Stored dataset items:
==*==

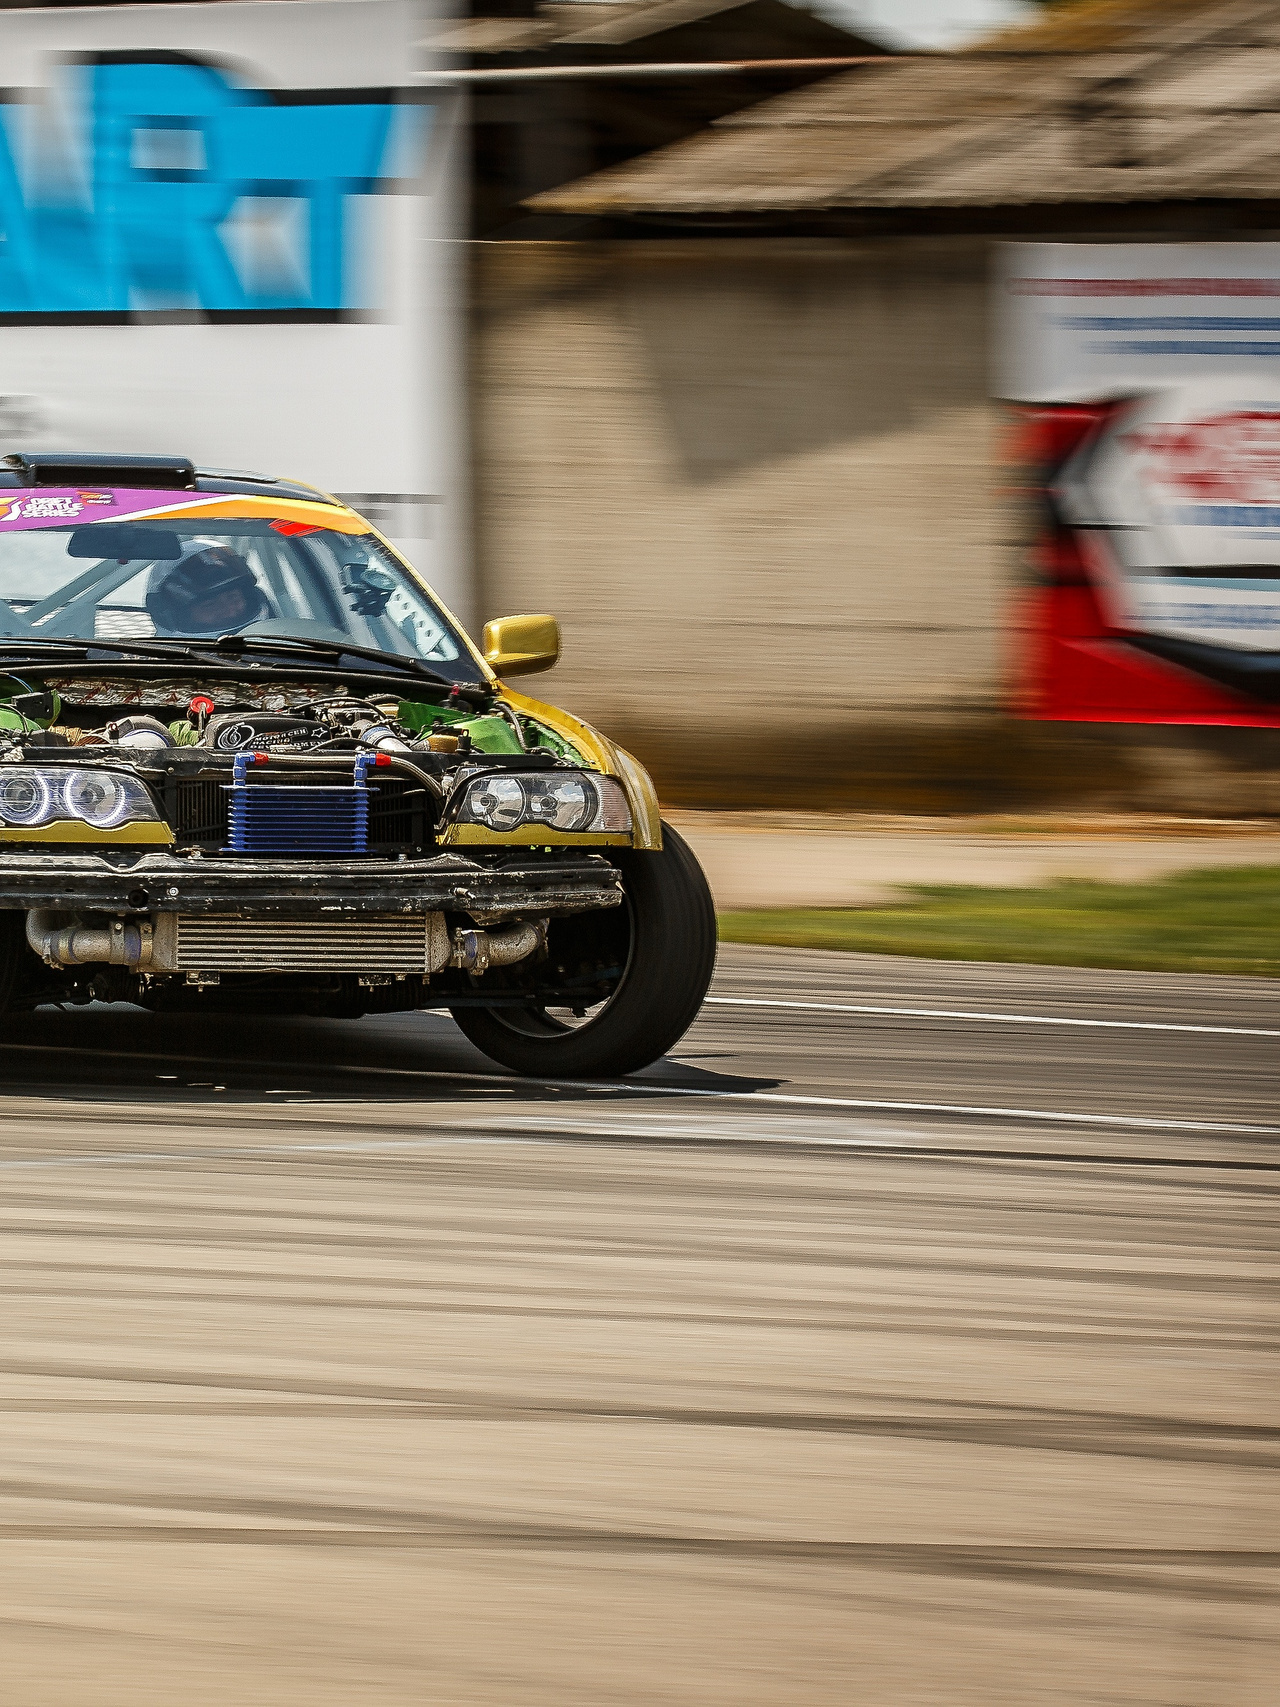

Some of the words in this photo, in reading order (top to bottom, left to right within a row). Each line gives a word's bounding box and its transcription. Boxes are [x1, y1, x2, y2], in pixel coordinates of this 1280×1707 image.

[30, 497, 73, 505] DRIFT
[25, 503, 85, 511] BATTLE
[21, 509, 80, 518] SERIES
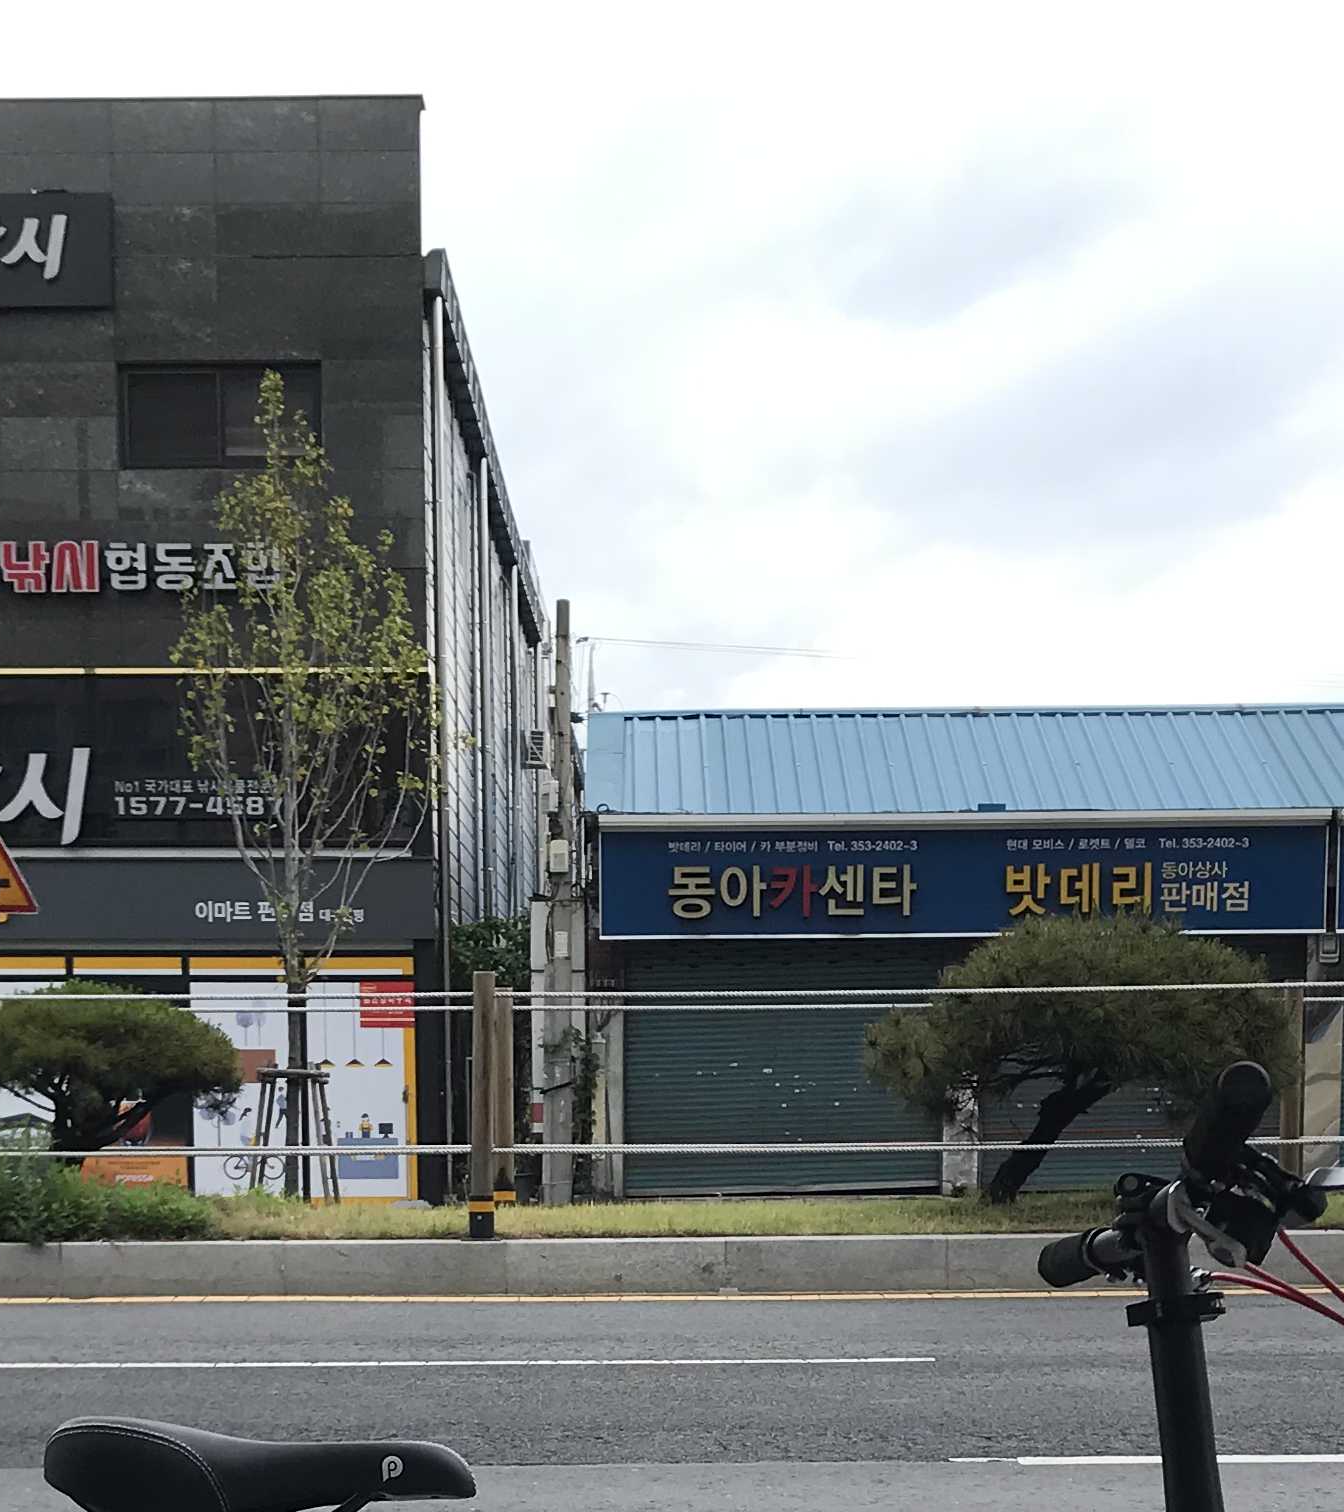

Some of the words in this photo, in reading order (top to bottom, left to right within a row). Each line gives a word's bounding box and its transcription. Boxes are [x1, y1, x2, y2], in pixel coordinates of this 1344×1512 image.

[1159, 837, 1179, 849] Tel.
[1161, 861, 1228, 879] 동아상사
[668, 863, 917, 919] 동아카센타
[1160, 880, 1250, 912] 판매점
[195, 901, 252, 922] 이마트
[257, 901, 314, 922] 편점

==*==

Task details:
Without the pictures, copy out each entry exactly as it stands.

Task output:
Some of the words in this photo, in reading order (top to bottom, left to right within a row). Each line gives a word's bounding box and its transcription. Boxes are [x1, y1, x2, y2], in pixel coordinates of this 1280×1707 image.

[30, 497, 73, 505] DRIFT
[25, 503, 85, 511] BATTLE
[21, 509, 80, 518] SERIES

Some of the words in this photo, in reading order (top to bottom, left to right within a row). Each line gives a word's bounding box and its transcription. Boxes are [x1, y1, x2, y2], in pixel coordinates of this 1344×1512 image.

[1159, 837, 1179, 849] Tel.
[1161, 861, 1228, 879] 동아상사
[668, 863, 917, 919] 동아카센타
[1160, 880, 1250, 912] 판매점
[195, 901, 252, 922] 이마트
[257, 901, 314, 922] 편점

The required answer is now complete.